Los domingos de Tahití by Georges Simenon

Los domingos de Tahití by Georges Simenon

autor:Georges Simenon [Simenon, Georges]
La lengua: spa
Format: epub
Tags: Novela, Policial, Intriga
editor: ePubLibre
publicado: 1938-06-07T16:00:00+00:00


CAPÍTULO SEXTO

AGUSTÍN Godard bajó los ojos, ahogó una sonrisa que pugnaba por salirle a los labios y declaró:

—¡Ya lo encontré, señor gobernador!

—¿Dónde está?

—A doscientos metros escasos de la cascada de Papeari… Andábamos buscándolo por los alrededores de Punaauia, donde el muchacho fue visto por última vez, y había recorrido más de veinte kilómetros, probablemente de noche. ¿Vamos a buscarlo?

—¡De ninguna manera! ¿Sabe usted algo más? ¿Cómo es?

—Como nada… No me han dicho que tuviera algo especial.

—Diga usted a Rafael que venga a verme, por favor.

Eran aproximadamente las cuatro de la tarde, hora en que el calor cedía un poco. También era el momento en que el ardor de Tahití comenzaba a volverse rojo. Una corneta sonó en el cuartel Rafael atravesó con la cabeza descubierta los jardines que lo separaban del despacho del gobernador.

—Entre usted. Rafaelillo. Siéntese. Voy a encargarle de una misión algo especial…

A las siete de la tarde, Rafael daba sus instrucciones al chino del Relais des Méridiens.

—Dos botellas, ¿sabes? Una de tinto y otra de blanco. Pon a cocer la pierna de carnero en seguida.

Jo empujó la puerta. A esa hora solía meter las narices aquí y allá, con la esperanza de una diversión para la noche.

—¿Cómo estás? —le preguntó Rafael—. A propósito, ¿qué haces mañana?

—¿Yo?
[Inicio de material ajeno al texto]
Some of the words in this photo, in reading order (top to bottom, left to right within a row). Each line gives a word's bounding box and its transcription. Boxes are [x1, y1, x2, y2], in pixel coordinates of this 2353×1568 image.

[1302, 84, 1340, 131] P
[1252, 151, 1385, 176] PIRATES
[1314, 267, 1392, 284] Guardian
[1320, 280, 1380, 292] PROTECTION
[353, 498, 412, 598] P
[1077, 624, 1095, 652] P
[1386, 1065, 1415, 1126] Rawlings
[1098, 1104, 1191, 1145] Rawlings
Nada.

—¿Quieres venir conmigo a la cascada?

—¡Y yo con él! —gritó desde su rincón Tamatea.

De tal suerte que por la mañana, cuando apenas comenzaba el mercado, el viejo coche de Rafael se detenía frente al Relais des Méridiens. El mar y el cielo eran de la misma seda tensa e invisible. Las piraguas, en el lagón, navegaban literalmente por el espacio, sin reflejo alguno. La tierra del camino, que acababa de ser regada, era de un rojo más obscuro, y los ruidos llegaban de muy lejos, de tan lejos que la gente habría podido hablarse de un pueblo al otro.

Rafael entró en una habitación y dio una palmada en el hombro de Tamatea, que dormía de bruces.

—¡Muévete!

—¿Ha llegado Jo?

—No te preocupes por él. Lo recogeremos al pasar.
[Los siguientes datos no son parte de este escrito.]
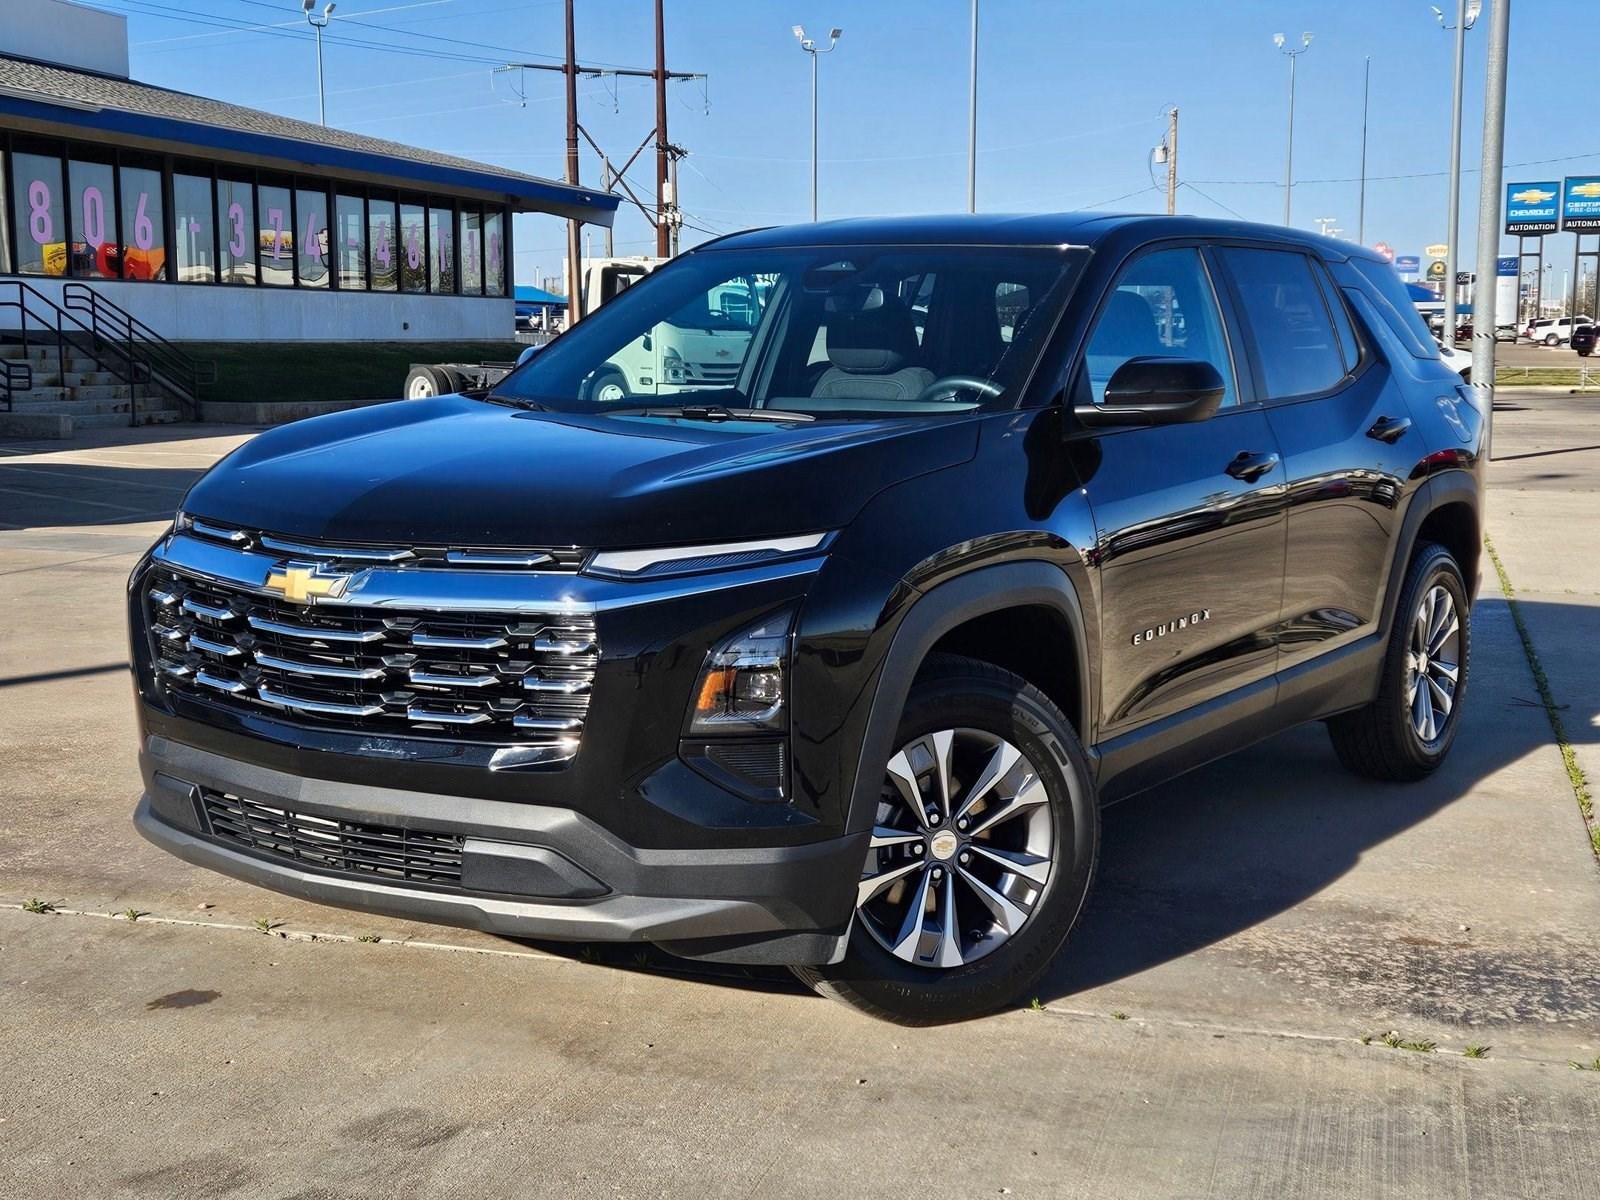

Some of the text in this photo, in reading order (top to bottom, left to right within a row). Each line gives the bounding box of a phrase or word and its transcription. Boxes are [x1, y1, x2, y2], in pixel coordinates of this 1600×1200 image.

[1510, 208, 1556, 216] CHEVROLET
[1509, 223, 1556, 231] AUTONATION
[1132, 609, 1210, 645] EQUINOX
Rafael le alargó un vestido de algodón azul y le tiró a través de la habitación un par de alpargatas.

—Tomarás un baño por el camino… ¡Venga!

La maleta trasera de su coche había sido transformada en nevera y en ella colocó las botellas, la pierna de camero y un pollo asado. El motor se puso en marcha nuevamente cuando Jo llegó a su vez y tomó asiento en el auto.

Pronto estuvieron en la carretera, atravesaron la primera aldea y dejaron atrás un carricoche de chinos.

—Me has prometido que tomaría un baño —dijo Tamatea, que iba sola en el fondo del coche.

—Lo tomarás en la cascada.

Y eso fue todo. No hablaron más. El paisaje iba discurriendo insensiblemente, siempre con el fondo irisado del lagón y la franja de cocoteros, un oscuro y tupido verdor a la izquierda, un tejado rojo, la aguja de una iglesia grande como un juguete, una muchacha en bicicleta, un indígena bajo su enorme sombrero y, de vez en cuando, algunos cerditos jugando en un umbral, como cachorrillos.